All of this despite the preponderance of evidence showing that federal infrastructure spending is not the boon for the economy that Obama claims. In fact, the Congressional Budget Office, the Congressional Research Service, and the Government Accountability Office have all concluded that such spending has at best a marginal impact on employment, and may even yield a net loss in jobs.
In a series of studies in 2000, the Department of Transportation used economic modeling to conclude that each billion dollars in infrastructure spending would create 47,576 job-years. That study was used to tout infrastructure spending in the stimulus package, and to justify such spending thereafter.
But USDOT’s study considered federal spending in the abstract, and thus failed to account for the hidden costs of extracting money from one part of the economy and spending it elsewhere. The Heritage Foundation’s Ronald Utt explained the flawed logic thusly:
In the real world, the additional federal borrowing or taxing needed to provide this additional $1 billion means that $1 billion less is spent or invested elsewhere and that the jobs and products previously employed by that $1 billion thus disappear. Regardless of how the federal government raised the additional $1 billion, it would shift resources from one part of the economy to another, in this case to road building. The only way that $1 billion of new highway spending can create 47,576 new jobs is if the $1 billion appears out of nowhere as if it were manna from heaven…
Because of these inherent limitations, [input/output] models such as the one used by USDOT should be used with great caution, and their limitations and artificial assumptions should be clearly acknowledged. When these conditions are considered, the job-creation potential of any spending scheme will be found to be a small fraction of what such models initially report.
Even some I/O studies have found the benefits of infrastructure spending to be negligible. The aforementioned CRS report, for instance, used I/O models to measure the impact of such spending, and concluded (see link above for details):
To the extent that financing new highways by reducing expenditures on other programs or by deficit finance and its impact on private consumption and investment, the net impact on the economy of highway construction in terms of both output and employment could be nullified or even negative.
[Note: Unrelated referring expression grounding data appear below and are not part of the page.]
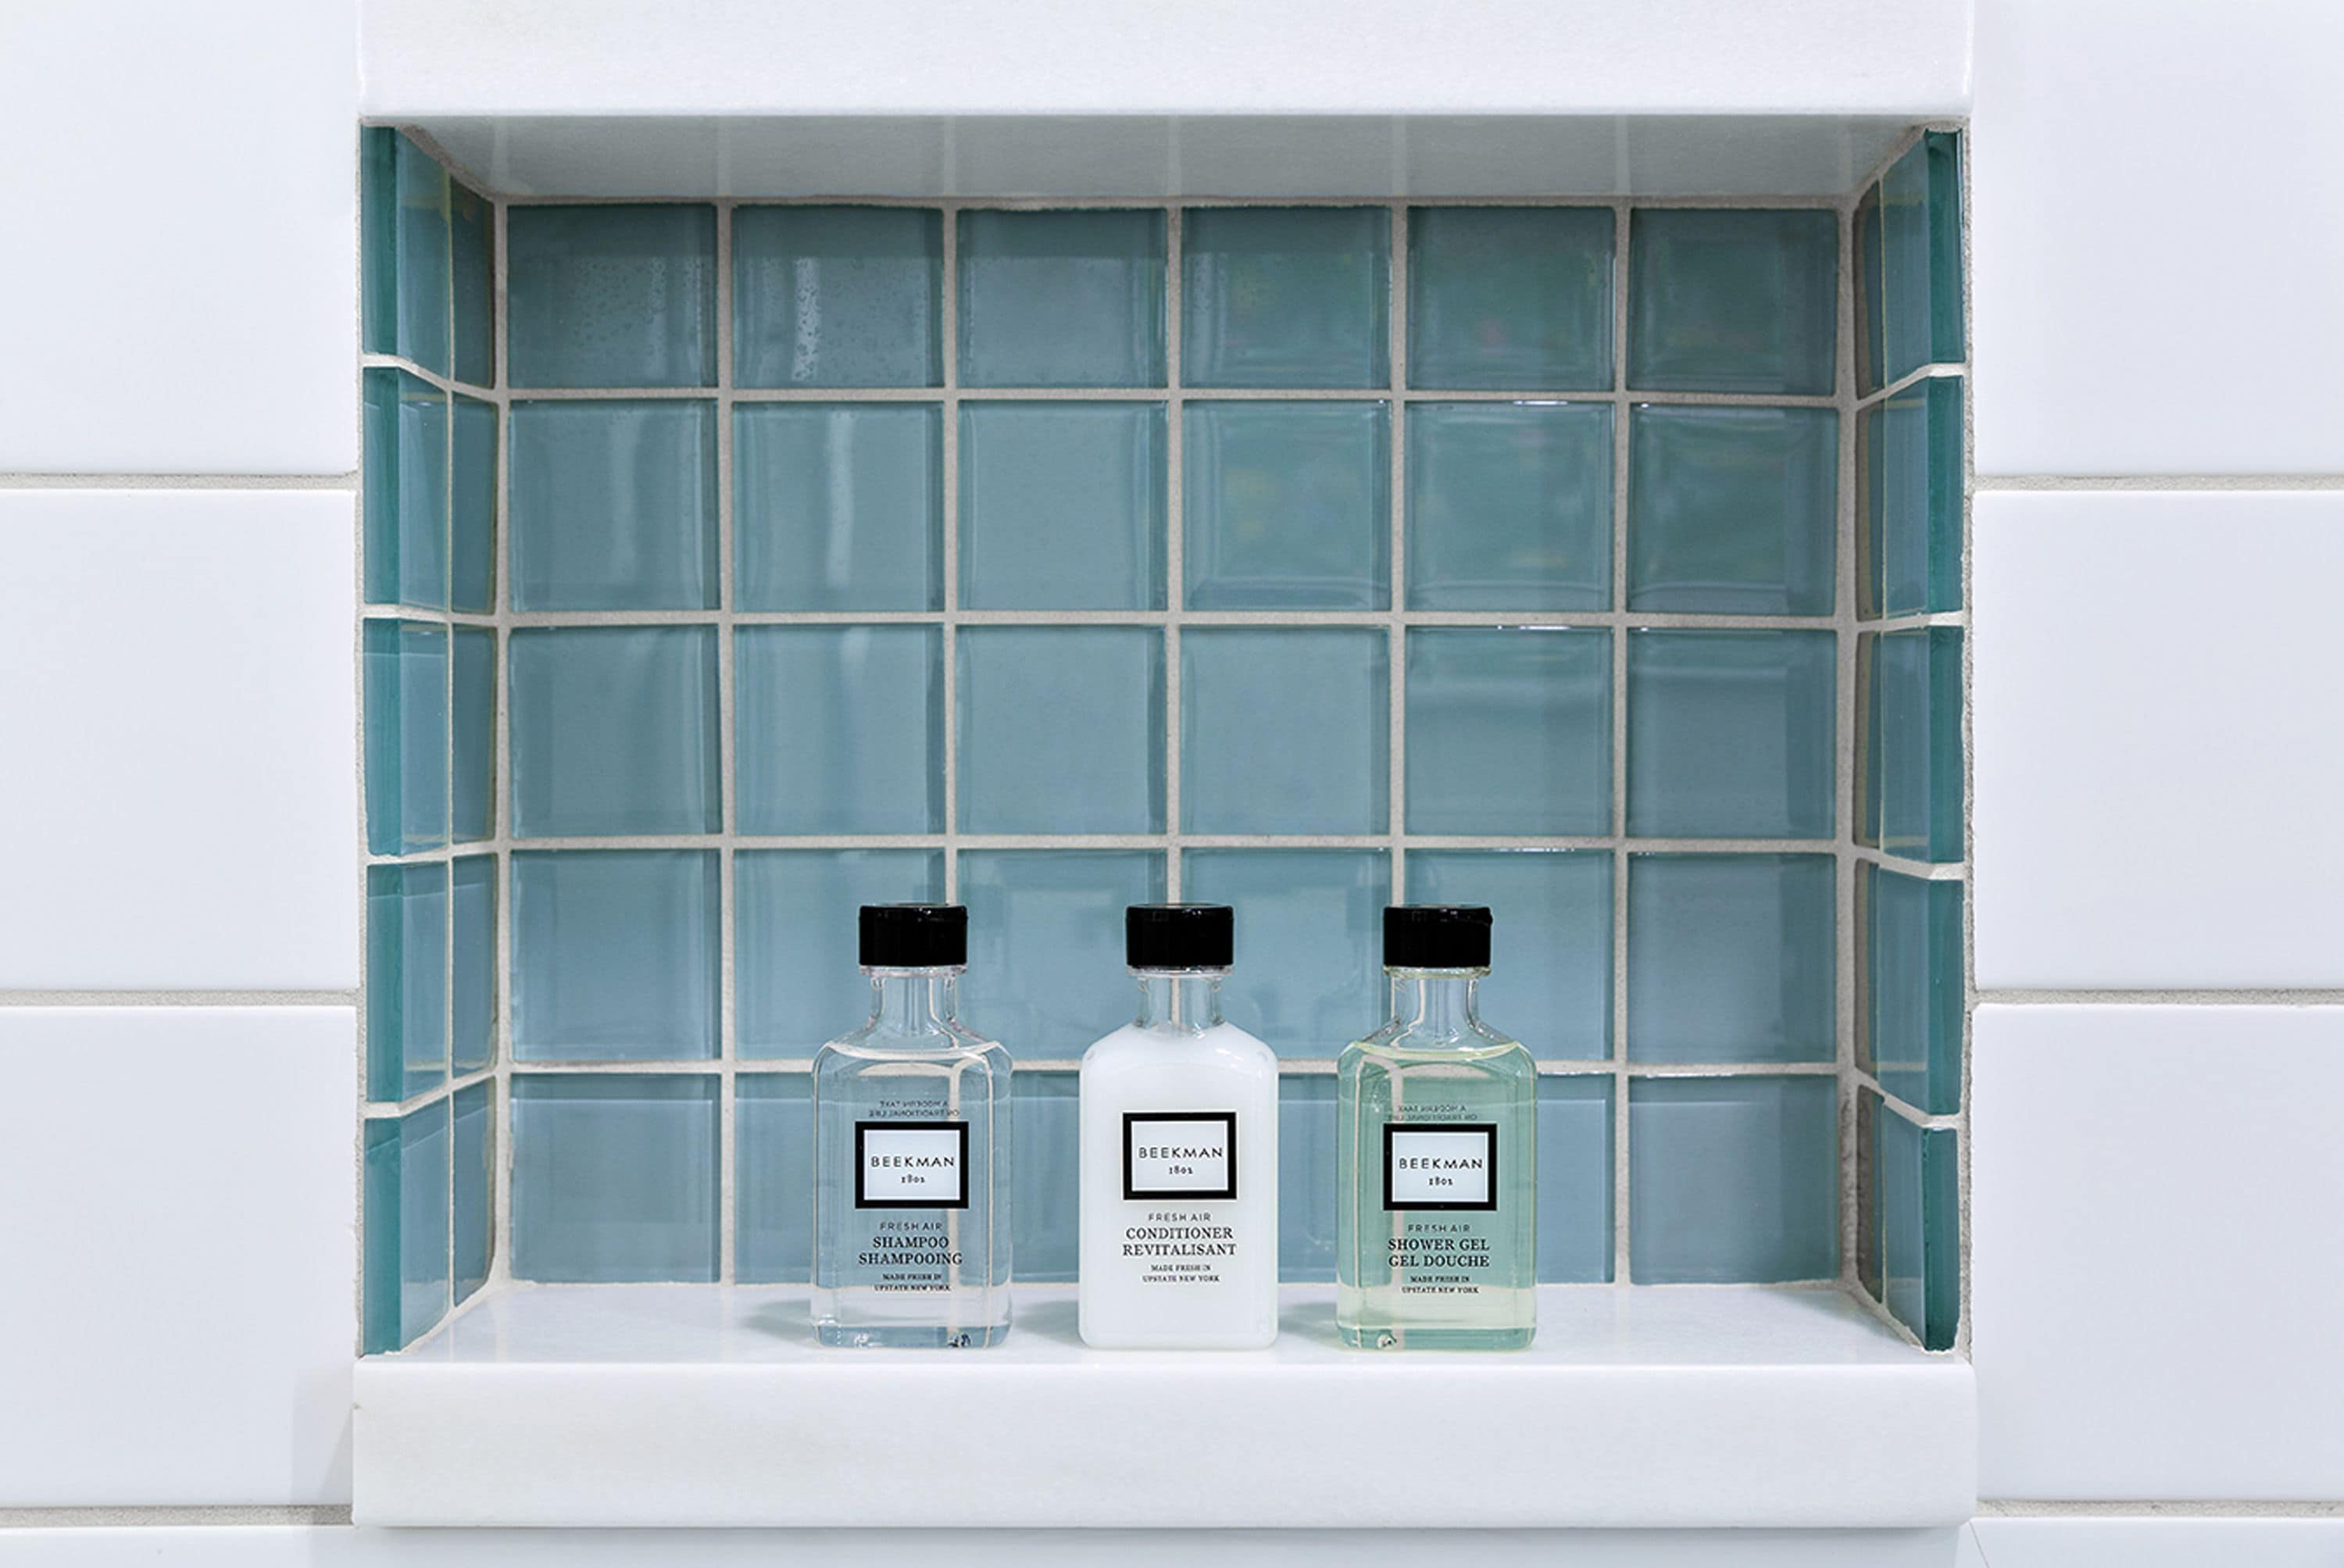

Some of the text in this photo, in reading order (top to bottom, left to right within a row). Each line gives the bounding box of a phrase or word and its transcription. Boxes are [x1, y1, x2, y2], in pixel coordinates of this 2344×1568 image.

[1138, 1147, 1223, 1159] BEEKMAN
[871, 1156, 955, 1167] BEEKMAN
[1399, 1158, 1483, 1169] BEEKMAN
[1149, 1213, 1211, 1222] FRESH AIR
[880, 1222, 943, 1230] FRESH AIR
[1408, 1224, 1470, 1233] FRESH AIR
[1125, 1227, 1234, 1239] CONDITIONER
[873, 1236, 949, 1248] SHAMPOO
[1388, 1238, 1490, 1251] SHOWER GEL
[1122, 1244, 1237, 1256] REVITALISANT
[859, 1252, 963, 1265] SHAMPOOING
[1388, 1255, 1490, 1267] GEL DOUCHE
Unlike CRS and USDOT, the Government Accountability Office actually studied the track record of an infrastructure project – the Emergency Jobs Act of 1983 – and found similarly unimpressive results. “Funds were spent slowly and relatively few jobs were created when most needed in the economy,” GAO found. The jobs that were created by infrastructure spending “represented less than 1 percent of about 5.8 million jobs created by the economy since the act was passed.”
The Congressional Budget Office took a different approach, and conducted a review of 10 years of academic data on the relationship between federal spending and job creation. On infrastructure spending, the CBO had this to say:
The available information suggests three conclusions: some investments in public infrastructure can be justified by their benefits to the economy, but their supply is limited; some (perhaps substantial) portion of federal spending on infrastructure displaces state and local spending; and on balance, available studies do not support the claim that increases in federal infrastructure spending would increase economic growth.
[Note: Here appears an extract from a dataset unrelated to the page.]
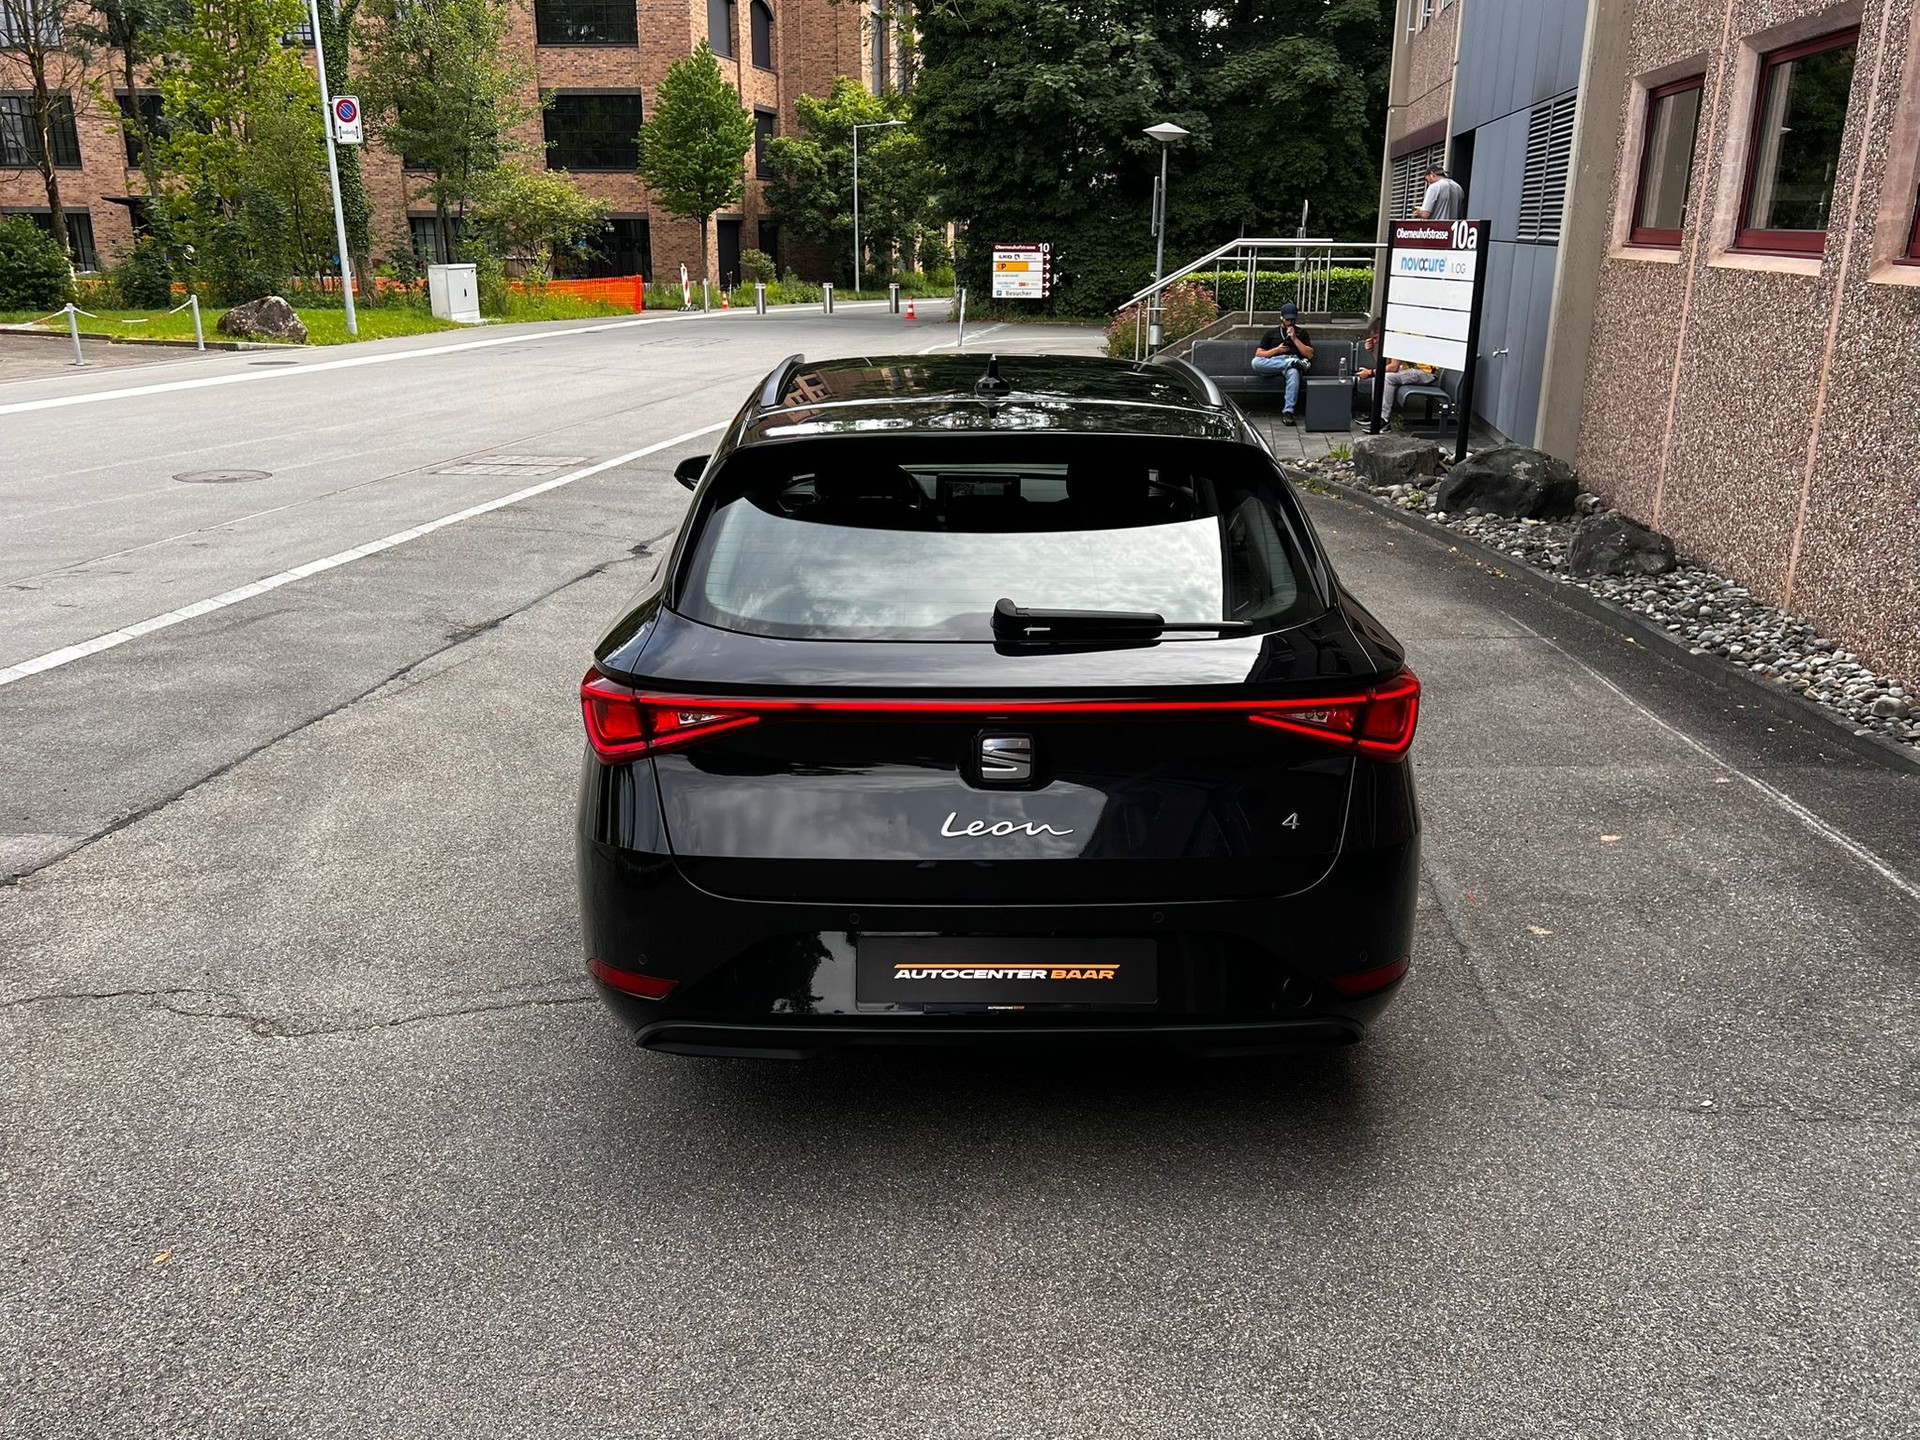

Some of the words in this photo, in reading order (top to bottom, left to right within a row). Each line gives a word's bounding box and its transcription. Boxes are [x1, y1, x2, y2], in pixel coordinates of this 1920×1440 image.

In short, a variety of studies using very different methodologies suggest that infrastructure spending is not an unemployment solution, and may even make the situation worse. So it should have come as little surprise, nearly a year after the president passed his stimulus package, that “a surge in spending on roads and bridges has had no effect on local unemployment and only barely helped the beleaguered construction industry,” as the Associated Press reported.
But President Obama continues to cling to the notion that unemployment can be solved by simply spending more federal dollars on construction projects. As long as he continues pursuing policies shown time and again to be ineffective, unemployment will likely remain a problem.